Persönliche Eindrücke  (Fotos: Ricklef Dmoch - Thomas Max Müller - Andreas Hermsdorf / pixelio.de)

Inseln bilden eine eigene, geschützte Welt für sich. Eine Welt mit klaren Grenzen, die alles, was von außen kommt, als Bedrohung erlebt. Für England gilt das in meiner Wahrnehmung ganz besonders. Seit hunderten von Jahren haben die Menschen hier Angriffe von den Ländern jenseits ihrer Meere erlebt. Römer, Normannen, Wikinger, Sachsen. Alle kamen herüber, um sich zu bedienen. Ohne eine eigene starke Kraft, ohne Verteidigung und ohne Einigkeit im Inneren ist die Insel nicht zu halten. Das haben die Engländer im Laufe ihrer Geschichte unzählige Male erlebt. Interessanterweise sind jedoch viele der weitreichensten Impulse für eine Weiterentwicklung gerade aus diesen Konflikten gewachsen. Einige der wichtigsten Herrscher, stammten nicht aus den eigenen Reihen sondern kamen aus dem Ausland.

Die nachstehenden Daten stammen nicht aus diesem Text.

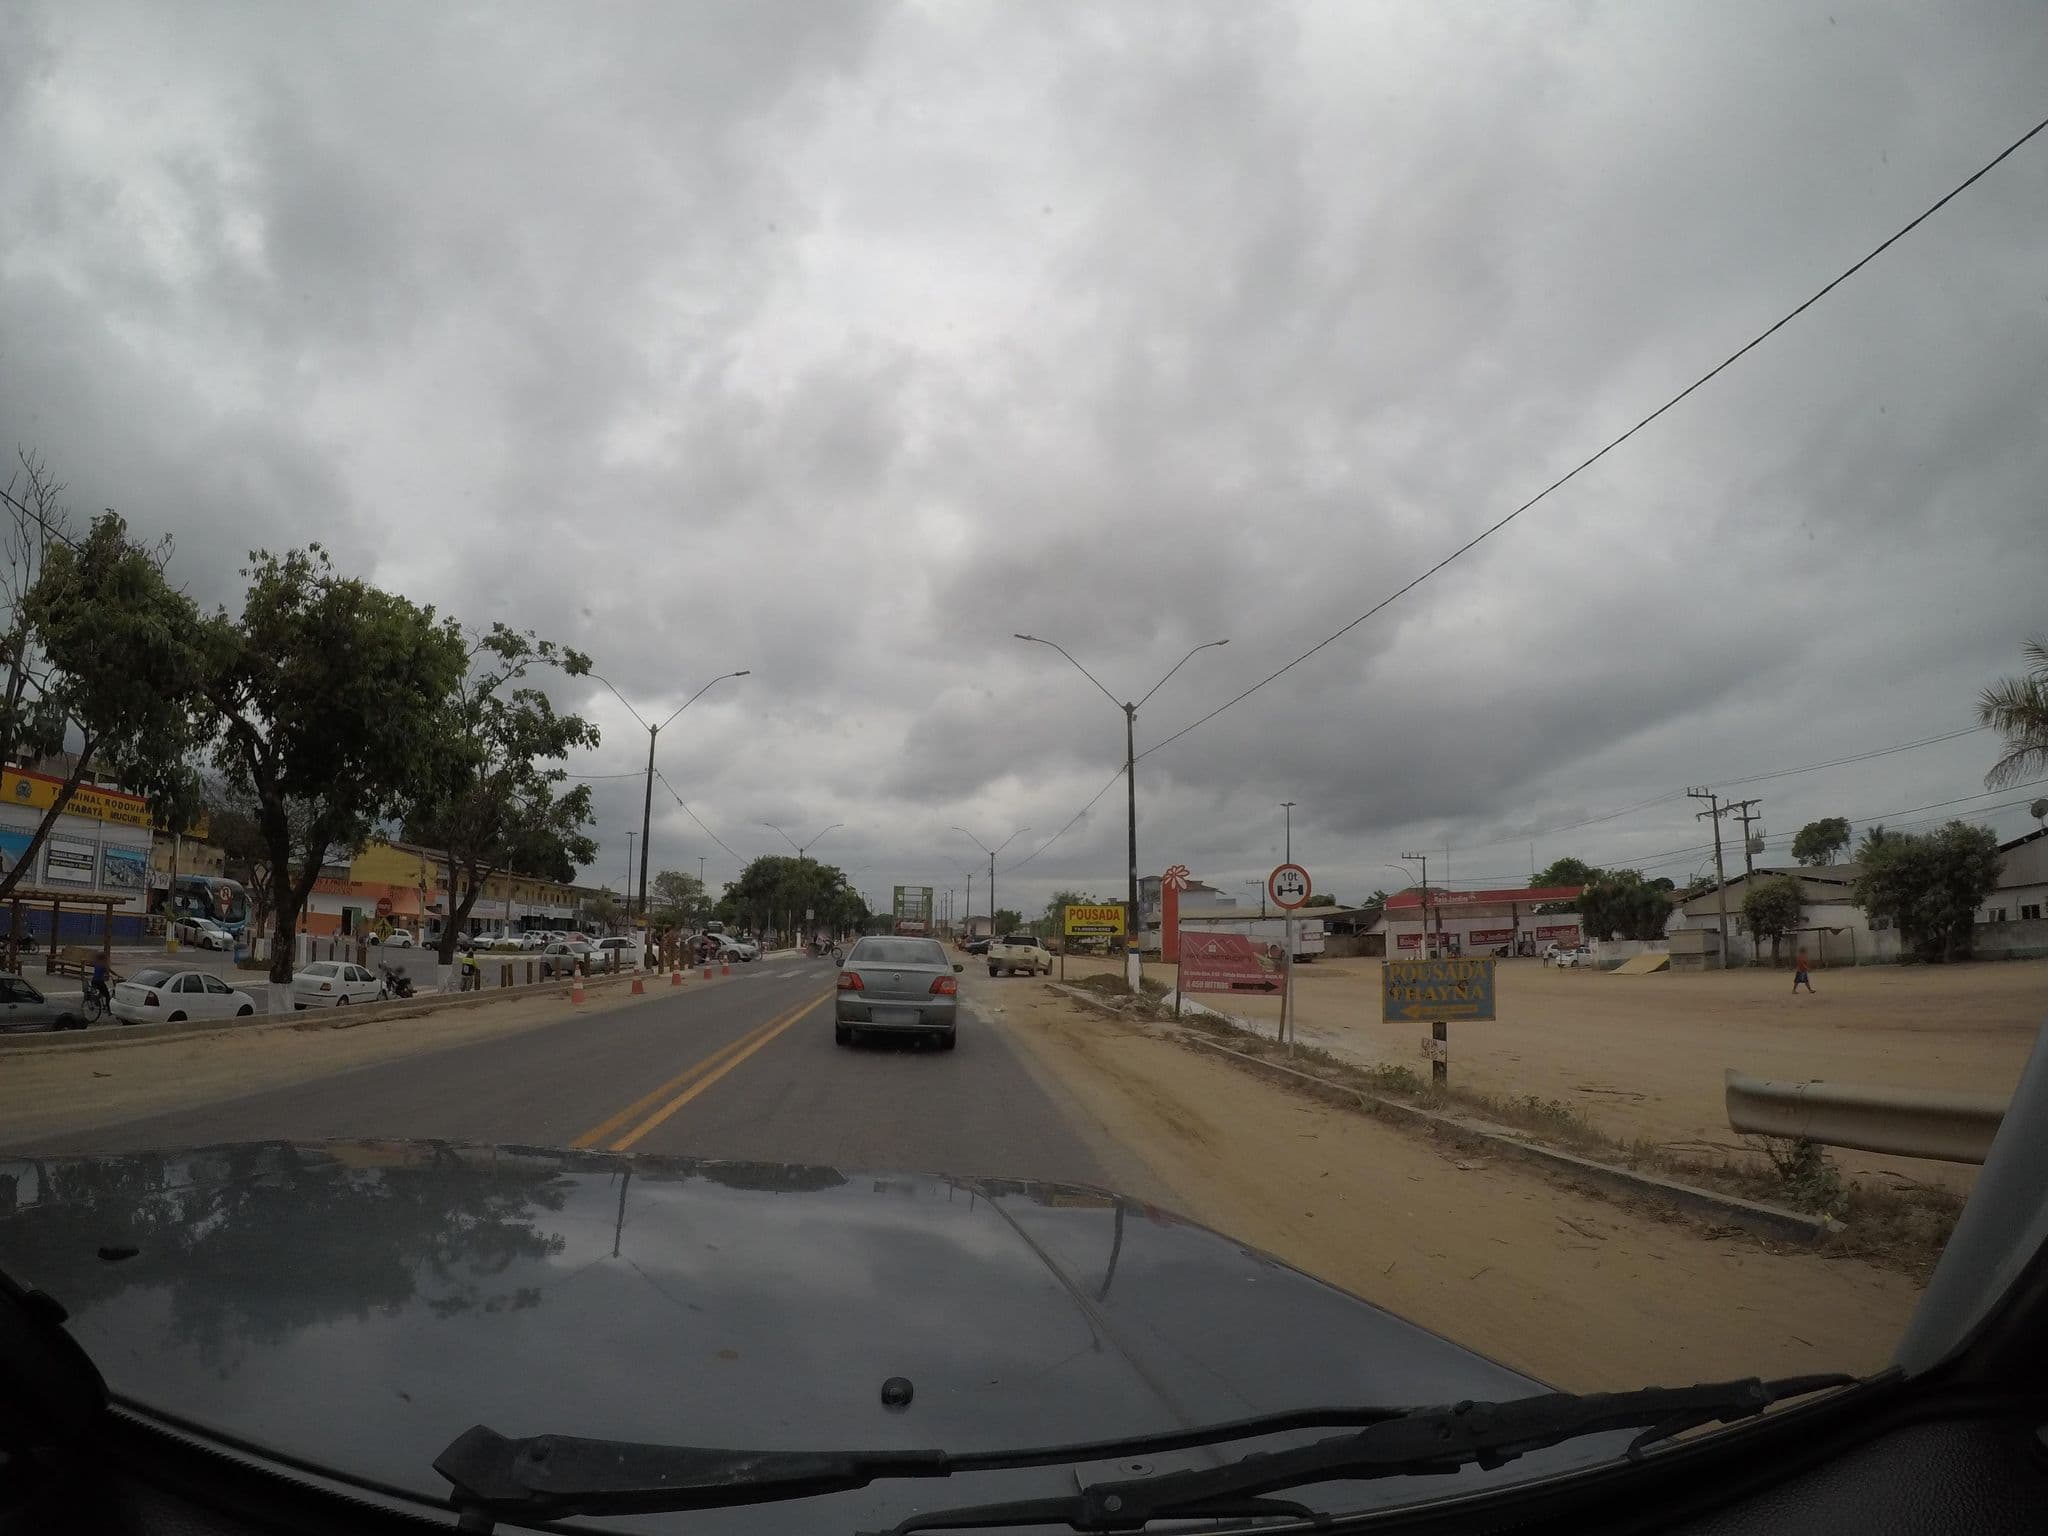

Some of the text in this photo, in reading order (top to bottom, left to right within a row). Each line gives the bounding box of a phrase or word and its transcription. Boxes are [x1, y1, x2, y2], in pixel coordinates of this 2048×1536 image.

Sie brachten neue Ideen, sie brachten andere Einsichten und haben damit dem Land am Ende wertvolle Hilfe geleistet. Die Insel hat alles aufgesogen und für sich selbst genutzt. 

 

Dabei sind die Menschen in ihrem Herzen Freigeister geblieben. Es sind Freigeister, die sich ganz bewußt über ihre Andersartigkeit definieren und sie zelebrieren, wie kaum ein anderes Volk. Das zieht sich bis heute nicht nur durch die gesamte Politik sondern auch durch jeden Bereich des Alltags. Hier wird links gefahren, die Fenster haben immer noch eine zugige Einmalverglasung und die Elektroinstallationen der Häuser sind ebenfalls ungebrochen selbstgemachte Bastelarbeiten, die Handwerker in anderen Länder das Grausen lehren würden. Nirgendwo sonst werden Heiler, Elfen, Geister und Magie in so hohen Ehren gehalten. Nirgendwo sonst, sind die Häuser so unpraktische und verwinkelt gebaut, dass ich jedes Mal den Kopf schüttle, wenn ich wieder mal diese engen steilen Treppen in den ersten Stock eines Hauses erklimmen muss. Doch genau das macht dieses Land auch so unglaublich liebenswert. Die Menschen haben ihren eigenen Kopf und komme, was da wolle, sie behalten ihn auch. Das war schon zu Zeiten von Henry VIII. und Elisabeth I. so und das wird auch so bleiben.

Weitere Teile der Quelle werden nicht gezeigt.